An individual’s voice is the most powerful tool to express one’s views. With this in mind, when several fellow students wanted to organize a conversation about sexual violence, I supported their decision to share their thoughts.
After all, missing one class was a small price to pay for discussing an issue of paramount importance to our generation. I made the choice to attend, originally as a Gator reporter, but as I sat in the circle, I was intrigued to hear what my peers had to say.
The discussion circled around topics of consent, sexual violence, and sexual stereotyping. I was moved by some statements, which asked me to consider things I had never thought about. When the gathering wrapped up after an hour, I left with with new perspectives—and I feel eager about learning even more.
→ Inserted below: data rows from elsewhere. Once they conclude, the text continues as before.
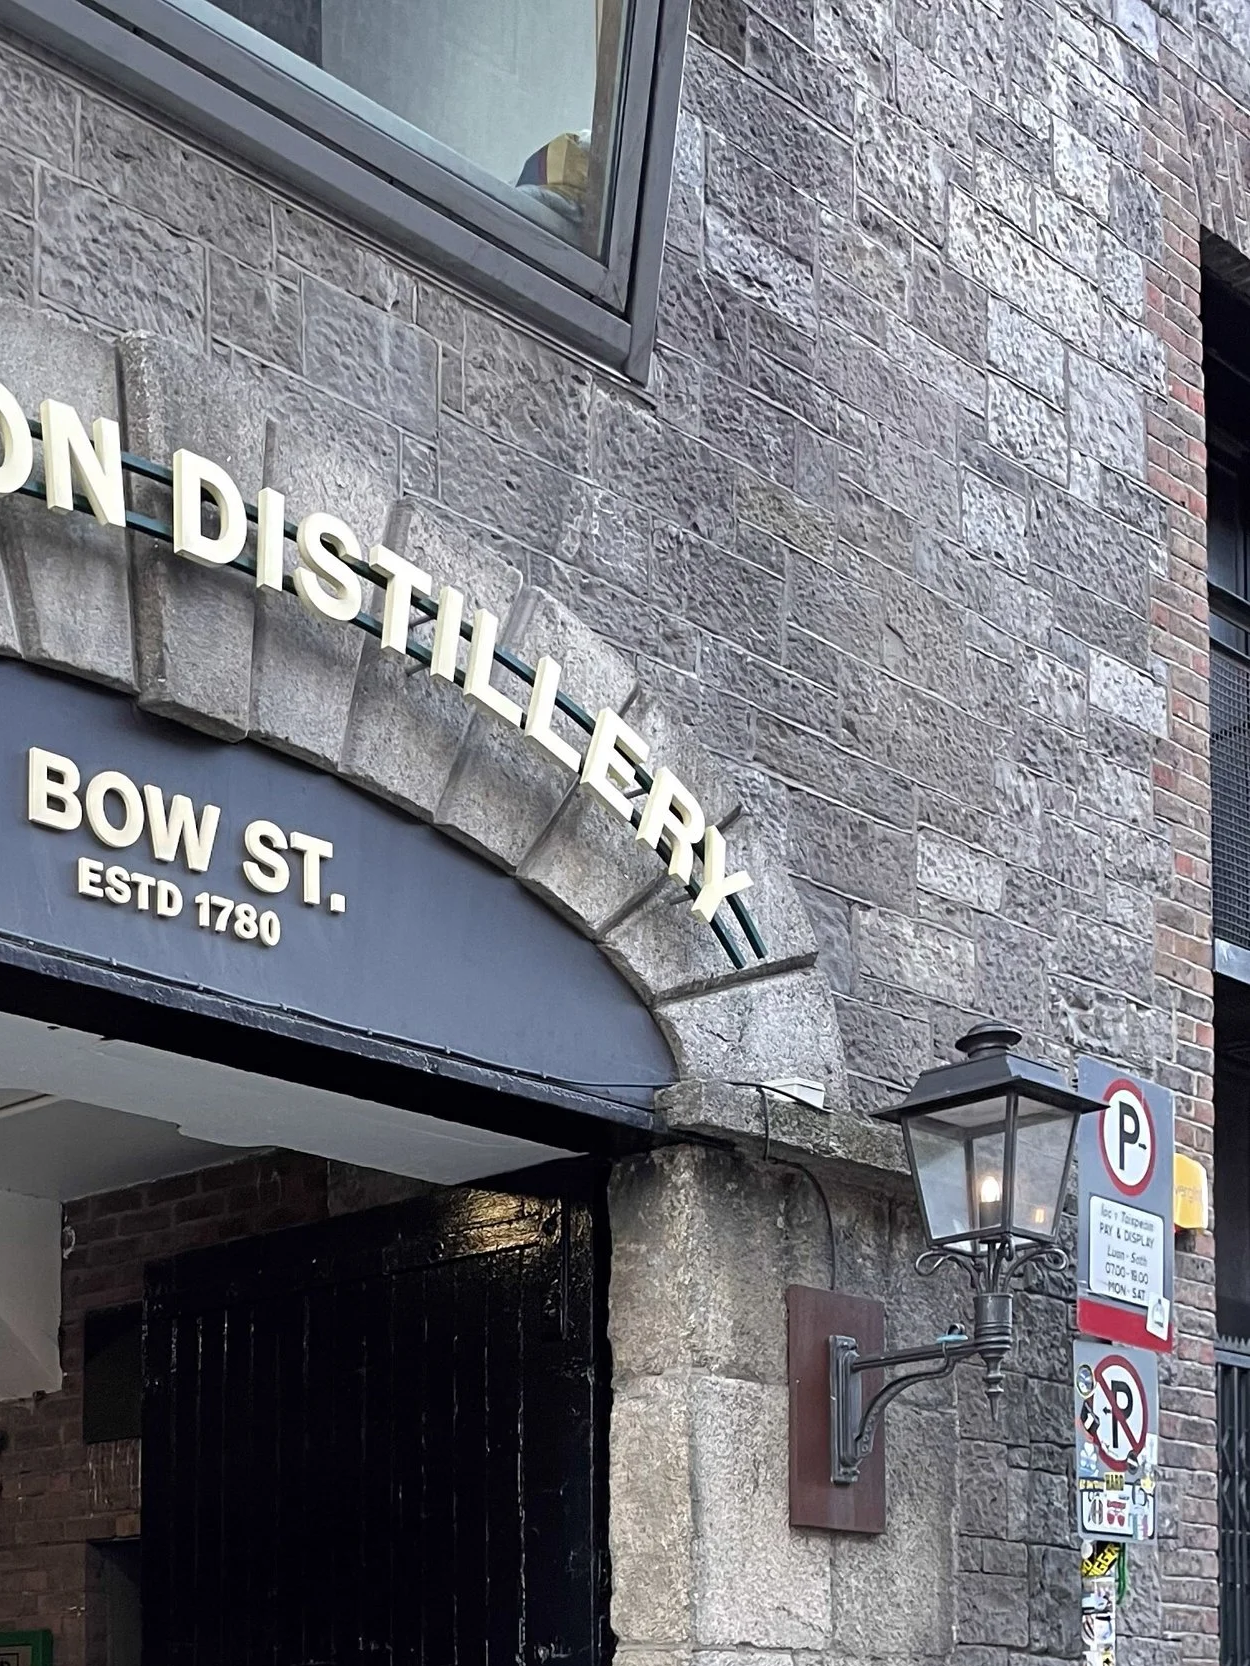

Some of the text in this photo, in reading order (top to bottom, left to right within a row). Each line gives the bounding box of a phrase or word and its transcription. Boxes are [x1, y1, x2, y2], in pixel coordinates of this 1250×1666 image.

[172, 448, 754, 925] DISTILLERY
[28, 746, 347, 914] BOW ST.
[77, 856, 282, 948] ESTD 1780
[1118, 1100, 1141, 1171] P
[1099, 1221, 1113, 1236] PAY
[1124, 1230, 1155, 1249] DISPLAY
The intervention was justified and a phenomenal use of my time.Conversations are a great way to initiate movements, but after the intervention, I couldn’t help but think that politicians and others in positions to enact policy changes will neither hear about nor be influenced by the event held here.
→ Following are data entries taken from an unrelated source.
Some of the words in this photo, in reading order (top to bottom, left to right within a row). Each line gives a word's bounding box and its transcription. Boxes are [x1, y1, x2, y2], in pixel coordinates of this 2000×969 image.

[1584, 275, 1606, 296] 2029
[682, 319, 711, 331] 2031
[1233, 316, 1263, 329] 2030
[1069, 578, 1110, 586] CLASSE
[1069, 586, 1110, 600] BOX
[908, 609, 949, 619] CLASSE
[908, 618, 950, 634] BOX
I urge students to continue fostering conversations about issues that matter to them, but in order to raise more awareness to bring about progress, more effective and sustained action is essential.
For example, so that voices are heard beyond classroom walls, I suggest organizing a time to call and share concerns with elected representatives. Organizing a protest or demonstration outside of the Massachusetts State House might also grab some news headlines, putting student concerns on politician’s radars.
Students here could also organize a group to attend the Boston Women’s March For America event in January, which would be a powerful extension of the intervention.
Bottom line: The intervention was a bold and necessary act to start conversation, but for real, lasting change to occur, more needs to be done. From what I’ve seen, I’m confident that we can help get the job done.